El relato del ciego de nacimiento muestra que Jesús es el agua que lava las necedades del hombre y la luz que ilumina la fe. Este episodio era utilizado en la catequesis bautismal de la comunidad primitiva, la cual enseñaba que la ceguera era la alienación y el pecado y el bautismo constituía la luz de la fe. Los discípulos preguntan el porqué de la ceguera, ¿quién había pecado, el ciego o sus padres? Ni él ni sus padres… responde Jesús. Para el Señor no era correcto asociar enfermedad con pecado o castigo de Dios. Es decir, la enfermedad no es sinónimo de un pecado precedente, sino que esta es una oportunidad para que Dios manifieste su bondad. Es más, puede convertirse en una escuela de la esperanza.

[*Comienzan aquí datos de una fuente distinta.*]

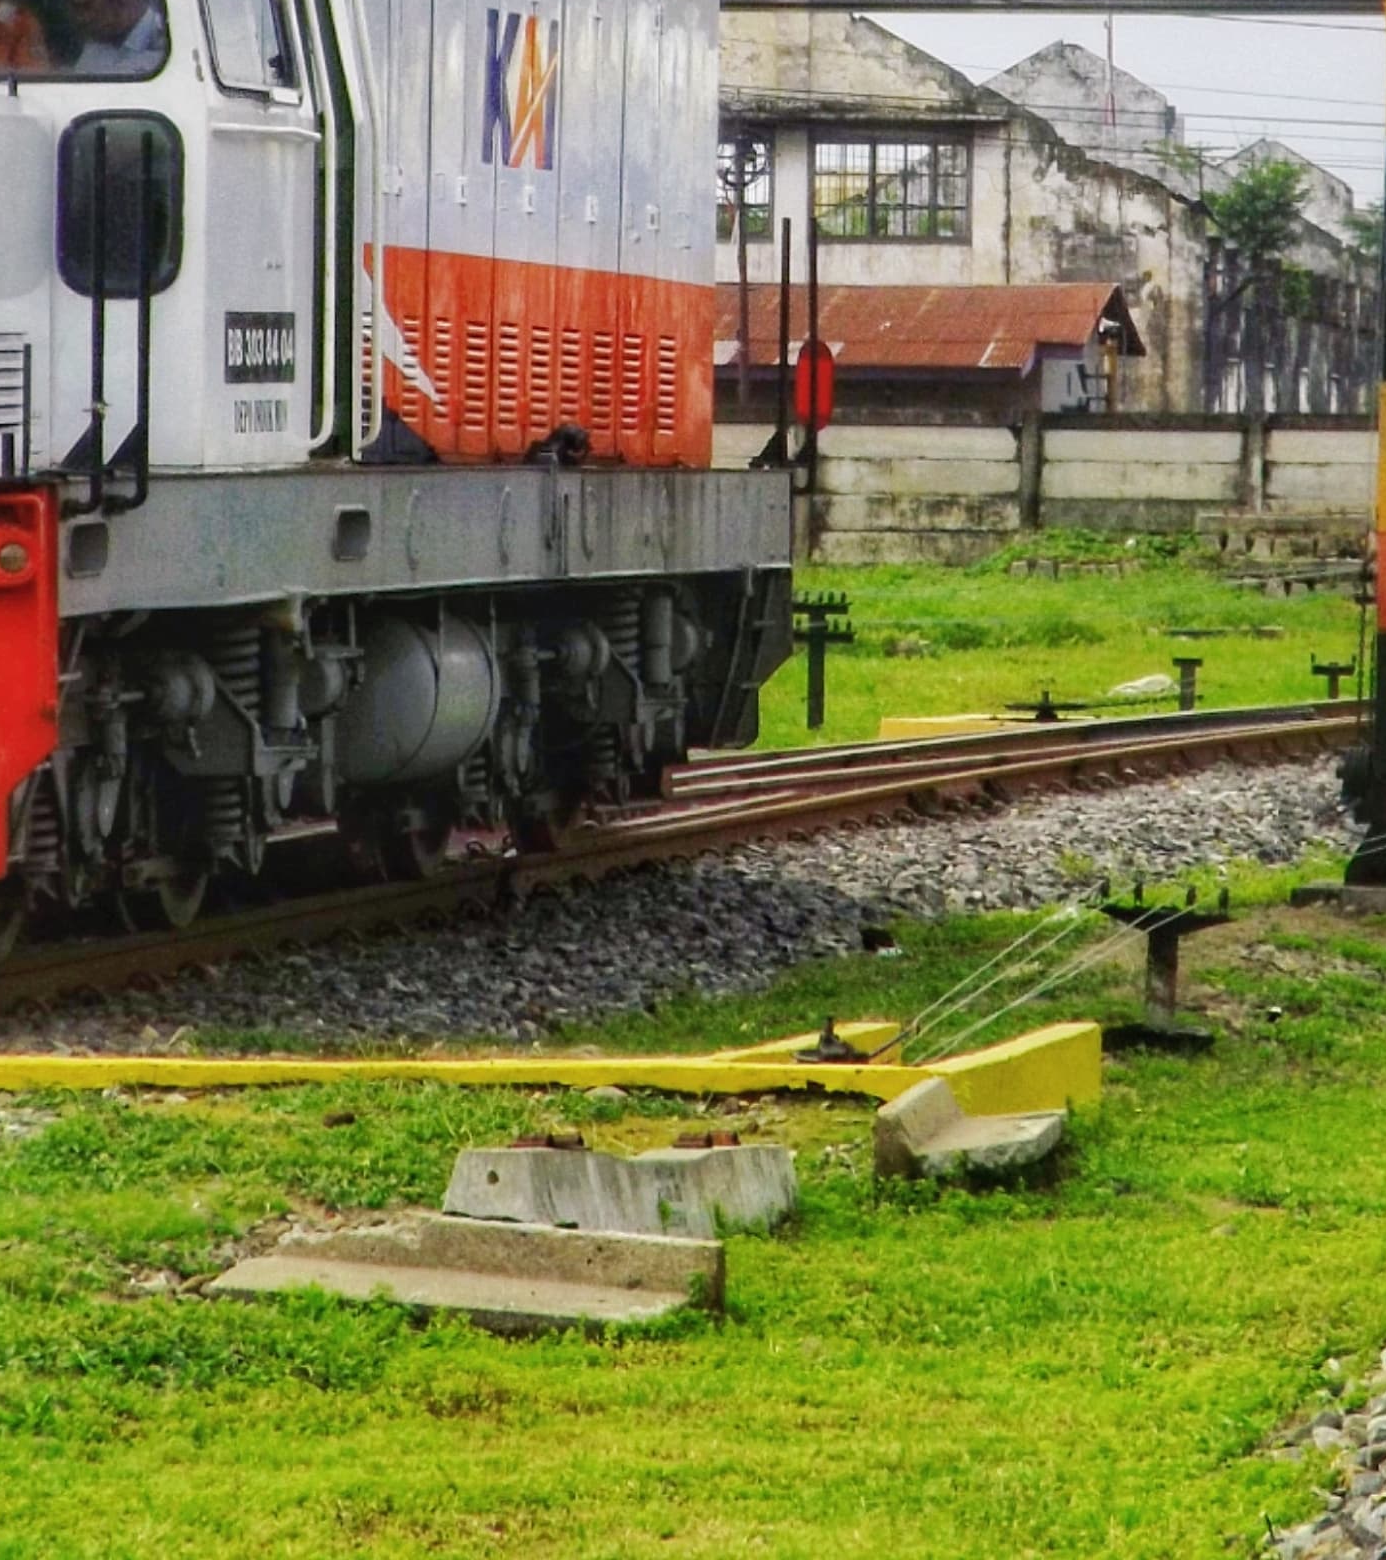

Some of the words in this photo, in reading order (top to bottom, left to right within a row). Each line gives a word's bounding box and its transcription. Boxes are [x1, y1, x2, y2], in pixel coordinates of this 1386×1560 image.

En tiempos de Jesús, el hombre ciego quedaba apartado de la vida pública, era considerado impuro y no podía entrar en el Templo. Jesús, que es la luz del mundo, al hacer barro con su saliva, crea al hombre nuevo y le dice “Ve a lavarte a la piscina…”. Es como en el bautismo: una vez bautizado, el creyente, recupera la vista que había perdido a causa del pecado.

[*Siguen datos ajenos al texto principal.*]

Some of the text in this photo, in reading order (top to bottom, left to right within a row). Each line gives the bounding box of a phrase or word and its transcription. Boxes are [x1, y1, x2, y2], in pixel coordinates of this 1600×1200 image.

En la figura del ciego se simboliza al hombre que no cree, que no ve o no quiere ver y, por tanto, está como muerto a la vida con Dios. Por su parte, los fariseos se dividen entre los que protestan porque el milagro trasgrede el sábado y los que asienten al milagro porque un hombre pecador no lo puede hacer, pero continúan en la duda y no se comprometen más allá. Y es que su ceguera ideológica impide ver el portento realizado por Jesús. A veces la ideología religiosa mata el espíritu y conlleva a una mayor cerrazón.
Creer en el Hijo del hombre es romper con la ceguera de los prejuicios o ideas fijas, como las tenían los fariseos. Hay que erradicar el fariseo que llevamos interiormente para abrir nuestra mente y corazón a las maravillas de Dios.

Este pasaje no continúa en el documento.